What you are asked to do -> Wherever pictures occur in the entries below, leave them out and retype the rest exactly.

___ Data for this exercise ___

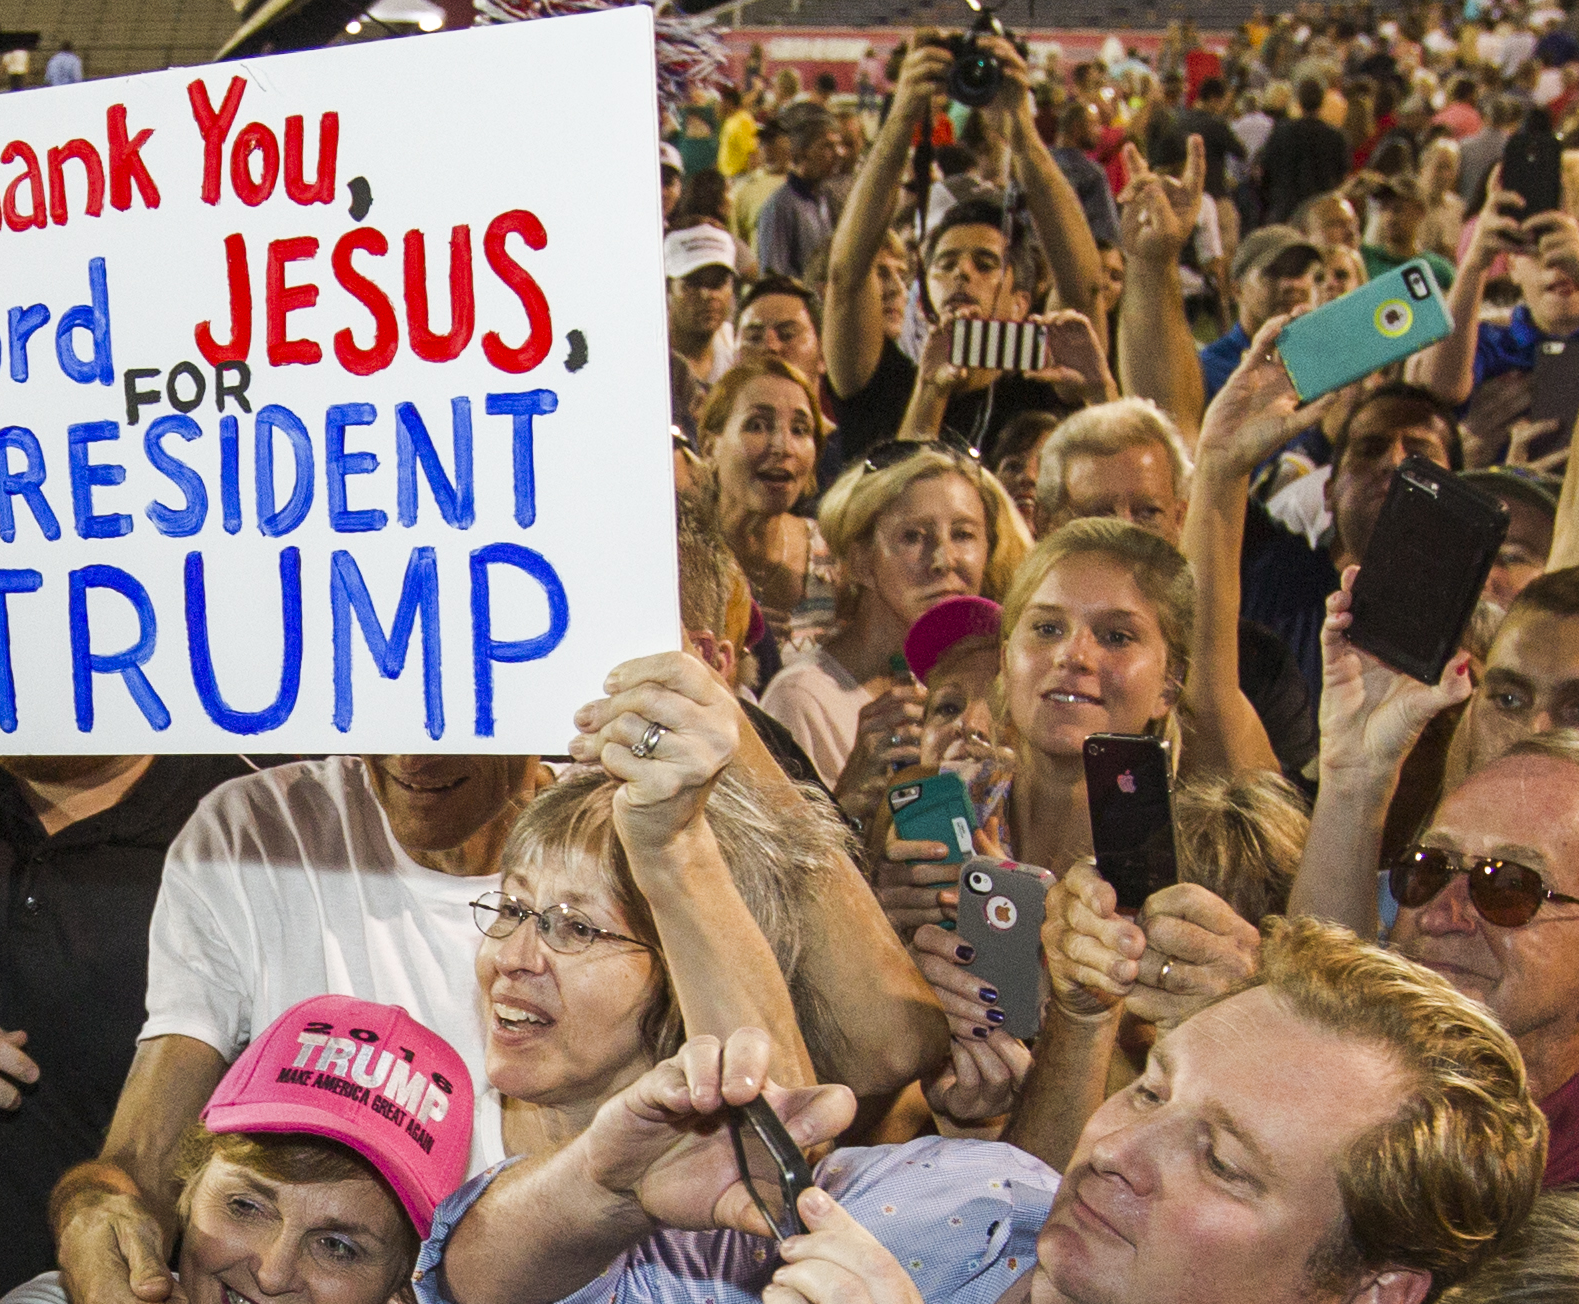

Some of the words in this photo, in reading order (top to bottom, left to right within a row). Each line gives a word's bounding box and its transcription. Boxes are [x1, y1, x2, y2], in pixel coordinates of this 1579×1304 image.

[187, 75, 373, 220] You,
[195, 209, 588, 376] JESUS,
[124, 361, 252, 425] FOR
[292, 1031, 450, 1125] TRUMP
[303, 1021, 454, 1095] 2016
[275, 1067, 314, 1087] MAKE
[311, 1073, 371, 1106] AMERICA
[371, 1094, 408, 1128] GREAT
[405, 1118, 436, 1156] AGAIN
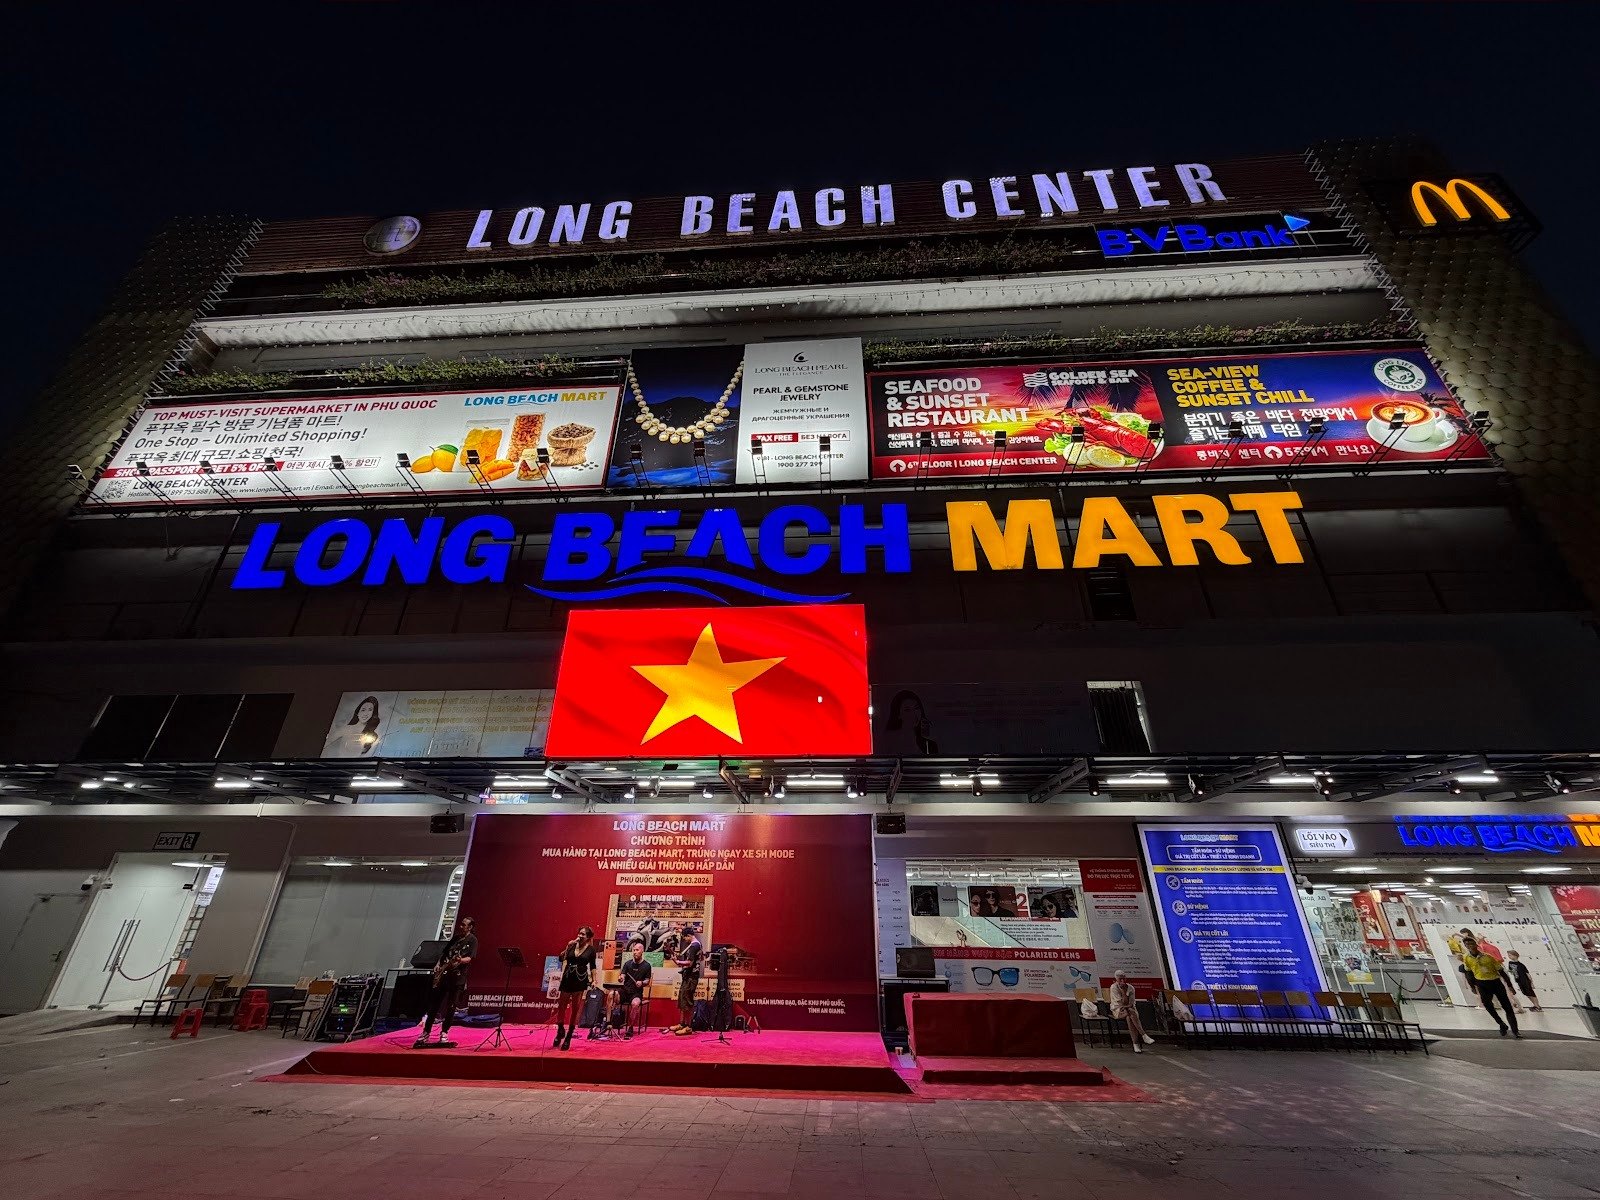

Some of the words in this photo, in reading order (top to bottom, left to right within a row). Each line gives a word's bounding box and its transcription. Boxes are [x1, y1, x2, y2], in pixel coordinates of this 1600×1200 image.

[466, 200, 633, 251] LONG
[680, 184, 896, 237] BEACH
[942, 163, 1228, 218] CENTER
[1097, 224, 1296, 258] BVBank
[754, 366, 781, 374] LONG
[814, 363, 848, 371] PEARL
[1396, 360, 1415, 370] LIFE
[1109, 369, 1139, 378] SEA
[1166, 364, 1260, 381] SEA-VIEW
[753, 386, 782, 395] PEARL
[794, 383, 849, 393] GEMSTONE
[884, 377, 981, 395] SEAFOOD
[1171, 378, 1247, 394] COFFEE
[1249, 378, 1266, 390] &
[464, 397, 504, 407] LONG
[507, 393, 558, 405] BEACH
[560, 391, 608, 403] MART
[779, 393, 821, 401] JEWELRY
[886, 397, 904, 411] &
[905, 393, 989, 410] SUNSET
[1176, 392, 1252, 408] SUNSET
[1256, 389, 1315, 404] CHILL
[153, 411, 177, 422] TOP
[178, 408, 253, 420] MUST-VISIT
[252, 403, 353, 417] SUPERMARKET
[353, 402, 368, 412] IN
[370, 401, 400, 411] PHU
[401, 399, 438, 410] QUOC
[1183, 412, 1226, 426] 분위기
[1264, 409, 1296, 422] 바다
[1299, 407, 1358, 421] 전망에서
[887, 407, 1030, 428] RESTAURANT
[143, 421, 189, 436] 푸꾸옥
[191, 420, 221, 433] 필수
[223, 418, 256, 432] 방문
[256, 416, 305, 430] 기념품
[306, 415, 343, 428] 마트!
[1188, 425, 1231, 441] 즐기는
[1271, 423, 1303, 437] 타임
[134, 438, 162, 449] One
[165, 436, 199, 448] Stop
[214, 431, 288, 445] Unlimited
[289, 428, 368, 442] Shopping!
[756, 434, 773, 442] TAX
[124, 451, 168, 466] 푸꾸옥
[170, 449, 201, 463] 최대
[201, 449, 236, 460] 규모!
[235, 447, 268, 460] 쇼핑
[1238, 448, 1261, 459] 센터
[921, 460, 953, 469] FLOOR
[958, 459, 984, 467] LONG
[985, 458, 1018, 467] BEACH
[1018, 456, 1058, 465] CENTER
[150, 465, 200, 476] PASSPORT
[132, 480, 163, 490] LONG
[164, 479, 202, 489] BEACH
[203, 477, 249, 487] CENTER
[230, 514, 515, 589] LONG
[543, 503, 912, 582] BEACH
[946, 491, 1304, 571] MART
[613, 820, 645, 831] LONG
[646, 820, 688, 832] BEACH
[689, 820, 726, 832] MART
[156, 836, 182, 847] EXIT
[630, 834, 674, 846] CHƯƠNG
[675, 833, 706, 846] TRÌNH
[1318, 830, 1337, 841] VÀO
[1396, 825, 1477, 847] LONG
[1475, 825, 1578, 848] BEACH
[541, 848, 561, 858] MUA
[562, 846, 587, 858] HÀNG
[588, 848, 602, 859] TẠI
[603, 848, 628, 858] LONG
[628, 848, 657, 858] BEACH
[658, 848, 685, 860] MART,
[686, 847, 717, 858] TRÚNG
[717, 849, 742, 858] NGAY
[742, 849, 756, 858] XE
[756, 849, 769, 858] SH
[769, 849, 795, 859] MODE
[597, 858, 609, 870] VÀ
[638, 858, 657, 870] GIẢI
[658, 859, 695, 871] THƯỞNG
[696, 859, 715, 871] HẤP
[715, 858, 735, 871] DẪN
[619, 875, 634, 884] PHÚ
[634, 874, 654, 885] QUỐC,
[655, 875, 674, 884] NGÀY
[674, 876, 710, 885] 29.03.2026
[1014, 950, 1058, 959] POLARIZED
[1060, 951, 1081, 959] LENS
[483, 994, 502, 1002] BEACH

___

Solved exercise ->
Some of the words in this photo, in reading order (top to bottom, left to right within a row). Each line gives a word's bounding box and its transcription. Boxes are [x1, y1, x2, y2], in pixel coordinates of this 1579×1304 image.

[187, 75, 373, 220] You,
[195, 209, 588, 376] JESUS,
[124, 361, 252, 425] FOR
[292, 1031, 450, 1125] TRUMP
[303, 1021, 454, 1095] 2016
[275, 1067, 314, 1087] MAKE
[311, 1073, 371, 1106] AMERICA
[371, 1094, 408, 1128] GREAT
[405, 1118, 436, 1156] AGAIN

Some of the words in this photo, in reading order (top to bottom, left to right within a row). Each line gives a word's bounding box and its transcription. Boxes are [x1, y1, x2, y2], in pixel coordinates of this 1600×1200 image.

[466, 200, 633, 251] LONG
[680, 184, 896, 237] BEACH
[942, 163, 1228, 218] CENTER
[1097, 224, 1296, 258] BVBank
[754, 366, 781, 374] LONG
[814, 363, 848, 371] PEARL
[1396, 360, 1415, 370] LIFE
[1109, 369, 1139, 378] SEA
[1166, 364, 1260, 381] SEA-VIEW
[753, 386, 782, 395] PEARL
[794, 383, 849, 393] GEMSTONE
[884, 377, 981, 395] SEAFOOD
[1171, 378, 1247, 394] COFFEE
[1249, 378, 1266, 390] &
[464, 397, 504, 407] LONG
[507, 393, 558, 405] BEACH
[560, 391, 608, 403] MART
[779, 393, 821, 401] JEWELRY
[886, 397, 904, 411] &
[905, 393, 989, 410] SUNSET
[1176, 392, 1252, 408] SUNSET
[1256, 389, 1315, 404] CHILL
[153, 411, 177, 422] TOP
[178, 408, 253, 420] MUST-VISIT
[252, 403, 353, 417] SUPERMARKET
[353, 402, 368, 412] IN
[370, 401, 400, 411] PHU
[401, 399, 438, 410] QUOC
[1183, 412, 1226, 426] 분위기
[1264, 409, 1296, 422] 바다
[1299, 407, 1358, 421] 전망에서
[887, 407, 1030, 428] RESTAURANT
[143, 421, 189, 436] 푸꾸옥
[191, 420, 221, 433] 필수
[223, 418, 256, 432] 방문
[256, 416, 305, 430] 기념품
[306, 415, 343, 428] 마트!
[1188, 425, 1231, 441] 즐기는
[1271, 423, 1303, 437] 타임
[134, 438, 162, 449] One
[165, 436, 199, 448] Stop
[214, 431, 288, 445] Unlimited
[289, 428, 368, 442] Shopping!
[756, 434, 773, 442] TAX
[124, 451, 168, 466] 푸꾸옥
[170, 449, 201, 463] 최대
[201, 449, 236, 460] 규모!
[235, 447, 268, 460] 쇼핑
[1238, 448, 1261, 459] 센터
[921, 460, 953, 469] FLOOR
[958, 459, 984, 467] LONG
[985, 458, 1018, 467] BEACH
[1018, 456, 1058, 465] CENTER
[150, 465, 200, 476] PASSPORT
[132, 480, 163, 490] LONG
[164, 479, 202, 489] BEACH
[203, 477, 249, 487] CENTER
[230, 514, 515, 589] LONG
[543, 503, 912, 582] BEACH
[946, 491, 1304, 571] MART
[613, 820, 645, 831] LONG
[646, 820, 688, 832] BEACH
[689, 820, 726, 832] MART
[156, 836, 182, 847] EXIT
[630, 834, 674, 846] CHƯƠNG
[675, 833, 706, 846] TRÌNH
[1318, 830, 1337, 841] VÀO
[1396, 825, 1477, 847] LONG
[1475, 825, 1578, 848] BEACH
[541, 848, 561, 858] MUA
[562, 846, 587, 858] HÀNG
[588, 848, 602, 859] TẠI
[603, 848, 628, 858] LONG
[628, 848, 657, 858] BEACH
[658, 848, 685, 860] MART,
[686, 847, 717, 858] TRÚNG
[717, 849, 742, 858] NGAY
[742, 849, 756, 858] XE
[756, 849, 769, 858] SH
[769, 849, 795, 859] MODE
[597, 858, 609, 870] VÀ
[638, 858, 657, 870] GIẢI
[658, 859, 695, 871] THƯỞNG
[696, 859, 715, 871] HẤP
[715, 858, 735, 871] DẪN
[619, 875, 634, 884] PHÚ
[634, 874, 654, 885] QUỐC,
[655, 875, 674, 884] NGÀY
[674, 876, 710, 885] 29.03.2026
[1014, 950, 1058, 959] POLARIZED
[1060, 951, 1081, 959] LENS
[483, 994, 502, 1002] BEACH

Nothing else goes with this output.